The saw sat in our basement for about a month completely untouched. I still didn't have what I needed to build one small wall.

Instructions... Yes, you need to read them!

You see, what I was missing was an instruction book, or two or three.  Yes, I'd seen the home improvement TV shows.   No, those do not prepare you in any way to actually do what they are doing.  In fact, the stuff you really have to do is glossed over in a about 5 seconds.  They are all about the emotion of the homeowner and the reveal and the ooooh and the aaaaah.

So I went to the book store near my office during lunch, browsed around, and viola… a book about building a wall stared me right in the face.   I bought it on the spot.   Okay, so now I have the book on framing a wall and I have the following tools and supplies:

  • I have the book  (I setup an Amazon store so you can buy the same basement finishing books I bought)
  • My shiny new Dewalt 10" mitre saw
  • I have a drill and some drill bits
  • I have some screws.
  • I have the wood (2 x 4s)  and a tape measure

I had bought the wood earlier in the day, which is a whole other blog post "how to buy lumber" but a very important one.   So I go down to the basement on a cold January weekend, shouting to my very pregnant wife,  "Going to the basement, going to cut up some wood and build a wall".  Saying this out-loud made me laugh.  I honestly had zero idea of what to do.  Having the book and the tools is one thing, actually doing it is another.

My First Wall

I did end up building a very small and rudimentary wall that weekend.  Yes, it took me all weekend.  You can read the gory details in my upcoming post on wall building.   The wall was stable enough to hold my peg board.  "And the boy was happy."  But, as the story goes, "the boy was not happy for long".

The Unprotected HVAC Stuff

The Unprotected HVAC Stuff, before I built an awesome wall around it!

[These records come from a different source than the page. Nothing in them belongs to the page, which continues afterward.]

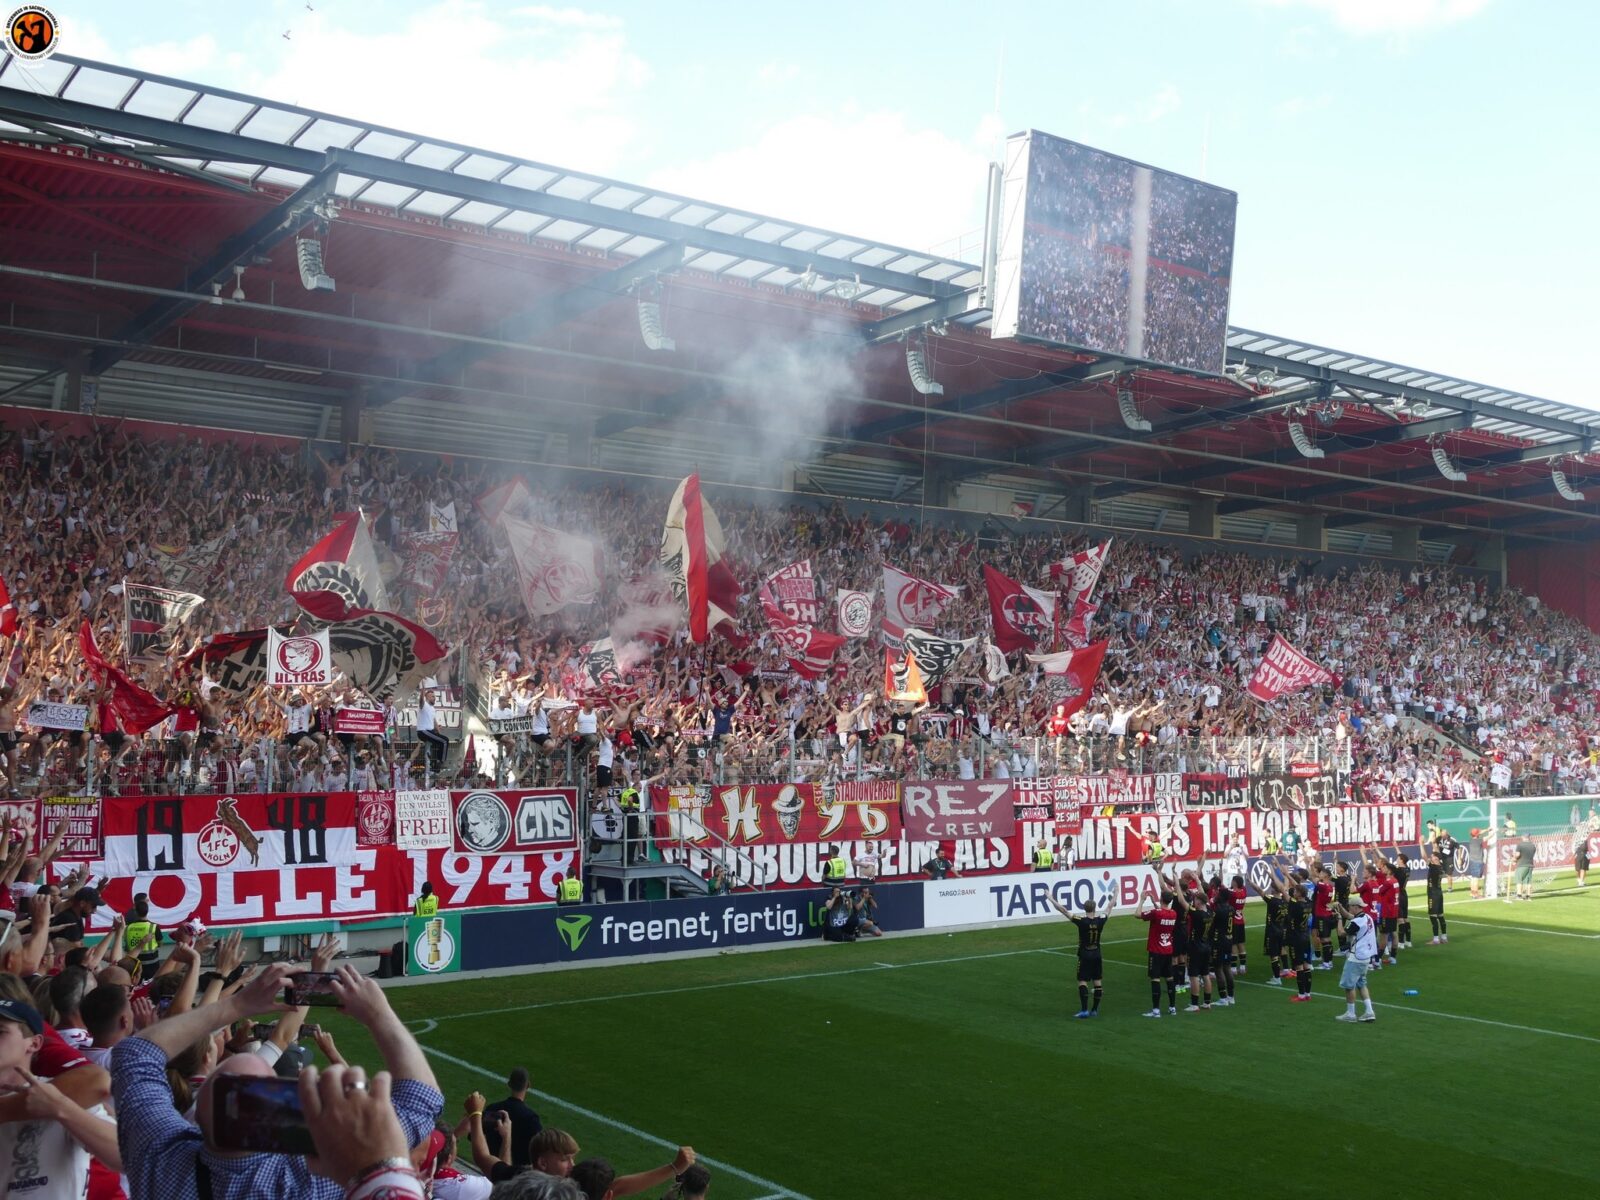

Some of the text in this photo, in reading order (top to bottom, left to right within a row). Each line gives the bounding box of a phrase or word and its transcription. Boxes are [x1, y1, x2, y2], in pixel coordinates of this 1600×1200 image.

[275, 670, 326, 683] ULTRAS
[836, 782, 897, 801] STADIONVERBOT
[1013, 791, 1053, 805] JUNGS
[398, 802, 415, 810] TUN
[400, 818, 448, 836] FREI
[519, 801, 569, 840] CNS
[926, 821, 993, 836] CREW
[135, 797, 326, 872] 19 48
[954, 837, 1009, 871] ALS
[1318, 806, 1415, 846] ERHALTEN
[207, 838, 229, 852] 1.FC
[407, 849, 574, 908] 1948
[601, 910, 718, 943] freenet,
[722, 903, 804, 936] fertig,

I was proudly showing off my new wall and peg board accomplishment to my wife while our two kids were playing with a small soccer ball.  Their ball kept accidentally hitting against our heater and hot water tank.

Wheels turned, light bulbs went off.   What this problem needed was something I was itching to do again, build a wall!

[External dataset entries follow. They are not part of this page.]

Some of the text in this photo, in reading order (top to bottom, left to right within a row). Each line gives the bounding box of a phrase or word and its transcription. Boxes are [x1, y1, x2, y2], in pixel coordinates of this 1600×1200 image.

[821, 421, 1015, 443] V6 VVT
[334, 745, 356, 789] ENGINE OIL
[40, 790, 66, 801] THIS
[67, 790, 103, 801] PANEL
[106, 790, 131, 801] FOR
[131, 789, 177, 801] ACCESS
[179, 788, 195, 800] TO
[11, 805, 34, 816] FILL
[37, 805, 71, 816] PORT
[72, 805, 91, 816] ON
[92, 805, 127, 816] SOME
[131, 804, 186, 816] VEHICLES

You can probably start to see where this is now headed.  I did build that second wall to "protect the furnace" from errant play.  By then I had started to figure out walls so I thought I might as well just build a small room for the HVAC equipment.

Since I had that done, I thought I'd go ahead and wall off the storage area and expand my original peg board wall into a full blow manly workroom, I mean... craft and present wrapping room.

The rest is history.  Once I started in with getting permits and electrical I decided I have to do the whole thing. It makes perfect sense to finish my own basement!   Building one small test wall is a great first step.

building a small wall

Slightly different angle but the HVAC is right behind this now finished wall. I insulated to absorb some of the noise.

Just start already

Don't worry about having all of the right tools or even knowing exactly what to do.  Just go to Home Depot, buy some 2x4s and some screws, and go home and build a small wall.  Then put some shelves up or some peg board.  It's a "test" wall, so don't worry about messing up.

Are you about to frame your very first wall?  Do you have a question?

Leave a comment below.   Or email me directly.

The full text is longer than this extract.